WORK INSTRUCTIONS: Leaving the pictures aside, return all of the data below exactly.

==============================

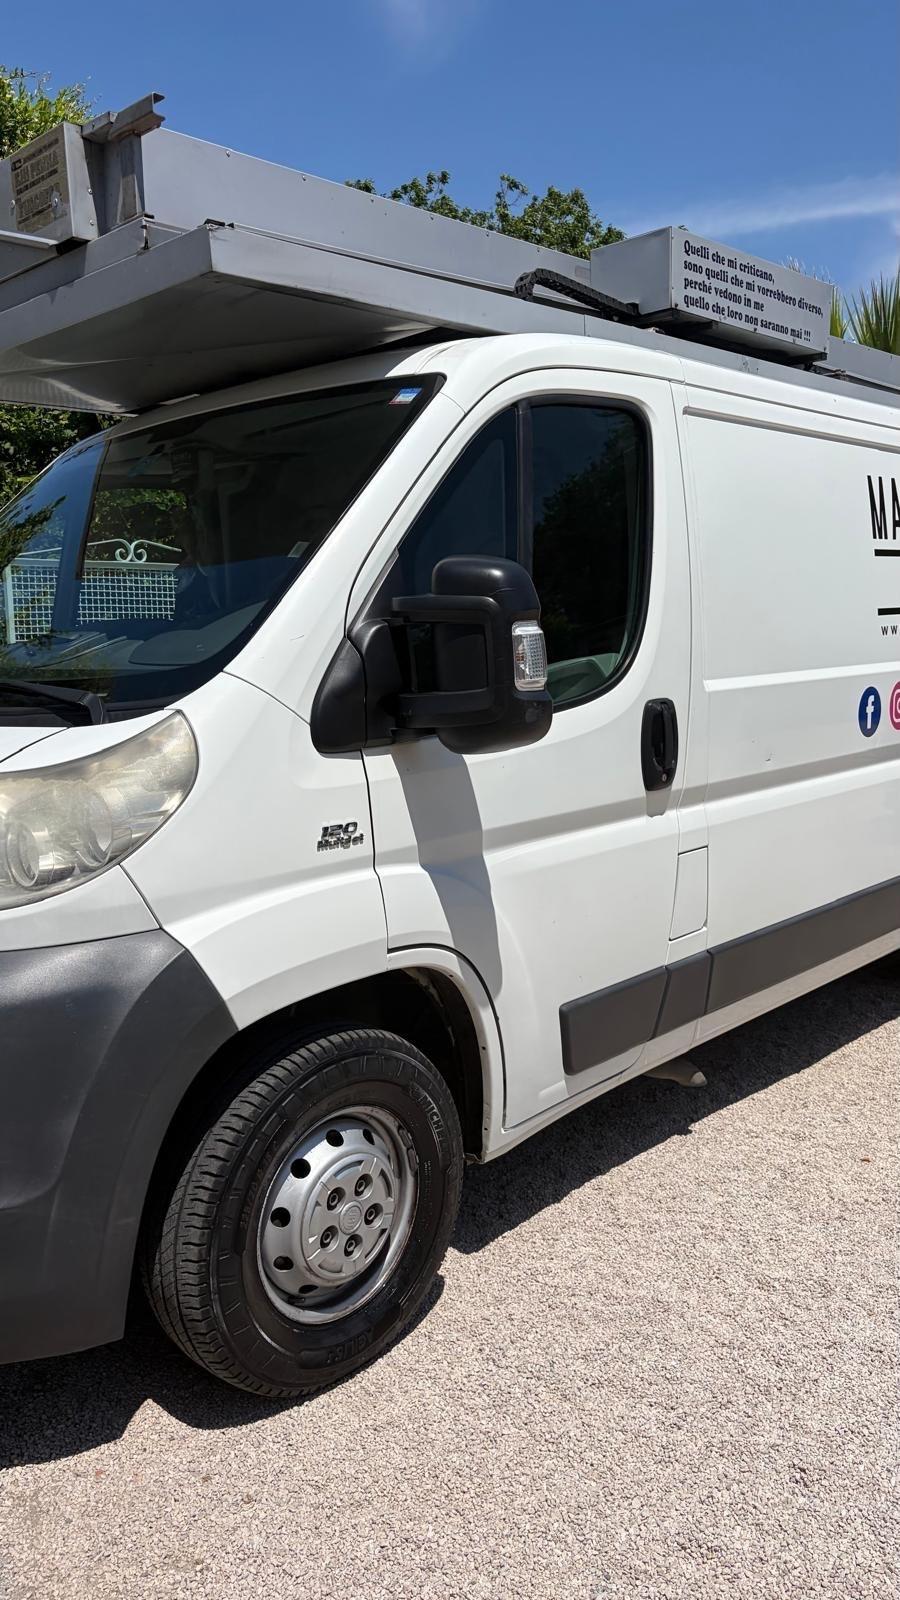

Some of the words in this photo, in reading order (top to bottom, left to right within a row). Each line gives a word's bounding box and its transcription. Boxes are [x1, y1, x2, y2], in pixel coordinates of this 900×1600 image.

[684, 240, 709, 260] Quelli
[711, 251, 726, 266] che
[727, 257, 738, 270] mi
[739, 262, 775, 285] criticano,
[684, 260, 703, 275] sono
[705, 267, 729, 284] quelli
[730, 274, 744, 289] che
[745, 280, 756, 293] mi
[757, 284, 797, 307] vorrebbero
[797, 297, 824, 318] diverso,
[684, 277, 713, 295] perché
[714, 287, 743, 305] vedono
[743, 293, 752, 308] in
[753, 300, 765, 312] me
[684, 294, 710, 311] quello
[711, 302, 726, 317] che
[727, 305, 743, 321] loro
[744, 314, 759, 327] non
[760, 319, 789, 336] saranno
[790, 328, 803, 340] mai
[321, 821, 358, 841] 120

==============================

ANSWER FOR THE TASK:
Some of the words in this photo, in reading order (top to bottom, left to right within a row). Each line gives a word's bounding box and its transcription. Boxes are [x1, y1, x2, y2], in pixel coordinates of this 900×1600 image.

[684, 240, 709, 260] Quelli
[711, 251, 726, 266] che
[727, 257, 738, 270] mi
[739, 262, 775, 285] criticano,
[684, 260, 703, 275] sono
[705, 267, 729, 284] quelli
[730, 274, 744, 289] che
[745, 280, 756, 293] mi
[757, 284, 797, 307] vorrebbero
[797, 297, 824, 318] diverso,
[684, 277, 713, 295] perché
[714, 287, 743, 305] vedono
[743, 293, 752, 308] in
[753, 300, 765, 312] me
[684, 294, 710, 311] quello
[711, 302, 726, 317] che
[727, 305, 743, 321] loro
[744, 314, 759, 327] non
[760, 319, 789, 336] saranno
[790, 328, 803, 340] mai
[321, 821, 358, 841] 120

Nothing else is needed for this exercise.